Appeal by the defendant from a judgment of the Supreme Court, Queens County (Rotker, J.), dated November 29, 2001, convicting him of criminal possession of a controlled substance in the third degree (two counts), criminal possession of marijuana in the fifth degree, and unlawful possession of marijuana, upon his plea of guilty, and imposing sentence.

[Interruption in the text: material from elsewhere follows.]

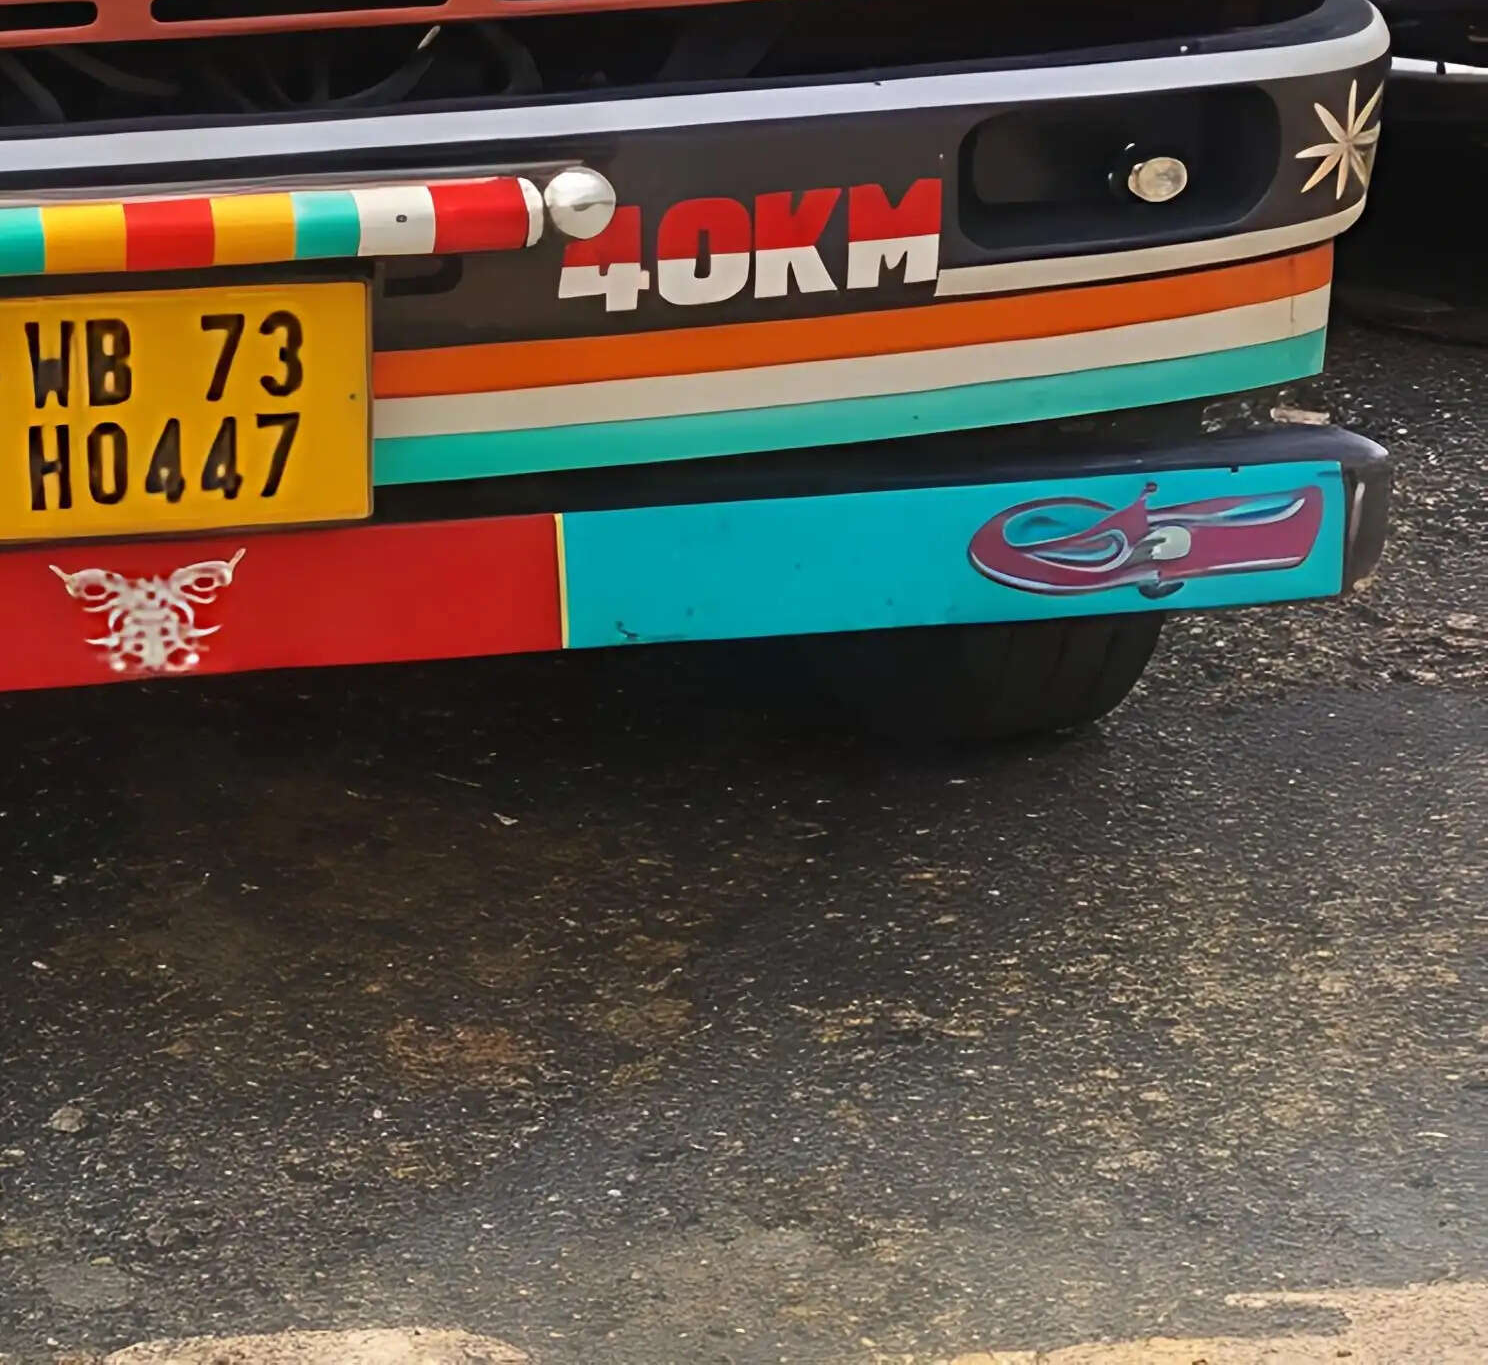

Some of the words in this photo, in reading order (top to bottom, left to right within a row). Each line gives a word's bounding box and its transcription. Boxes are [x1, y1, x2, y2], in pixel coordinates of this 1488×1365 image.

[557, 177, 943, 314] 40KM
[24, 318, 133, 409] WB
[200, 310, 304, 400] 73
[27, 412, 301, 511] H0447

The appeal brings up for review the denial, after a hearing (McDonald, J.), of that branch of the defendant’s omnibus motion which was to suppress physical evidence.

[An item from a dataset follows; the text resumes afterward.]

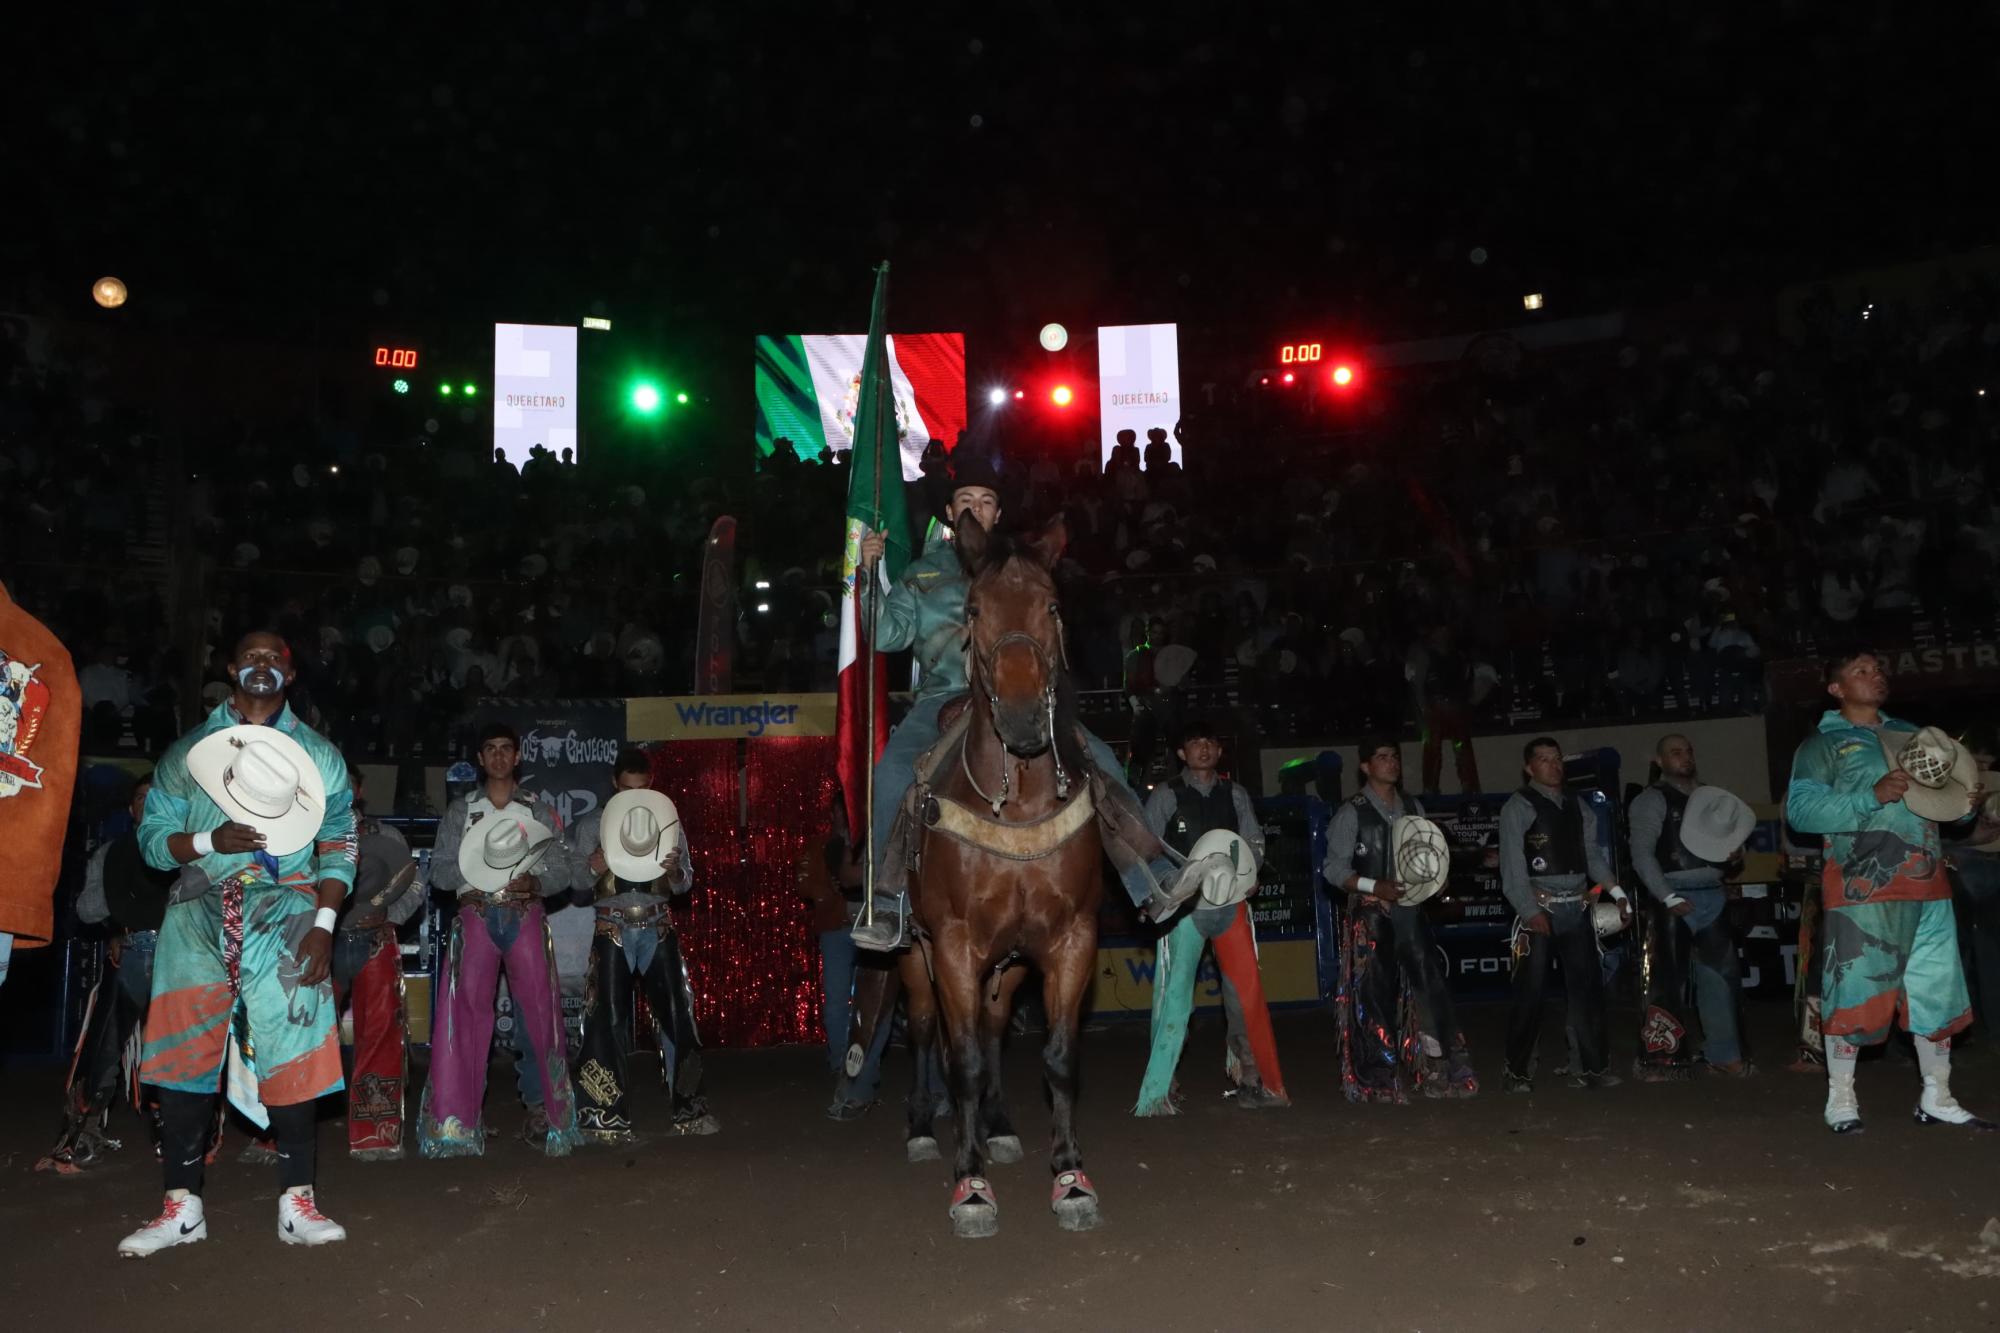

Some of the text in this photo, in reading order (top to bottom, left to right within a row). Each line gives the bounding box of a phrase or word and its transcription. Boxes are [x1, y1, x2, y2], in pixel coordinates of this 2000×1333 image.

[375, 347, 417, 368] 0.00
[1281, 343, 1321, 364] 0.00
[675, 701, 799, 737] Wrangler
[1258, 883, 1286, 897] 2024

Ordered that the judgment is affirmed.
Contrary to the defendant’s contention, the testimony of the arresting officer was sufficient to support the hearing court’s determination that there was probable cause for his arrest. “Under the fellow officer rule, a police officer can make a lawful arrest even without personal knowledge sufficient to establish probable cause, so long as the officer is acting upon the direction of or as a result of communication with a fellow officer . . . in possession of information sufficient to constitute probable cause for the arrest” (People v Ketcham, 93 NY2d 416, 419 [1999] [internal quotation marks omitted]). Here, the arresting officer’s testimony established that he received a radio transmission from the sergeant supervising a buy-and-bust operation, which indicated that the sergeant had observed the defendant smoking marijuana. Since the arresting officer was entitled to rely upon the information provided by the sergeant, the arrest was lawful, and the hearing court properly denied that branch of the defendant’s omnibus motion which sought to suppress physical evidence (see People v Ketcham, supra; People v *405 Mims, 88 NY2d 99 [1996]; People v Washington, 87 NY2d 945 [1996]; People v Williams, 305 AD2d 802 [2003]; People v Dorta, 244 AD2d 566 [1997]). Krausman, J.P., Schmidt, Cozier and Mastro, JJ., concur.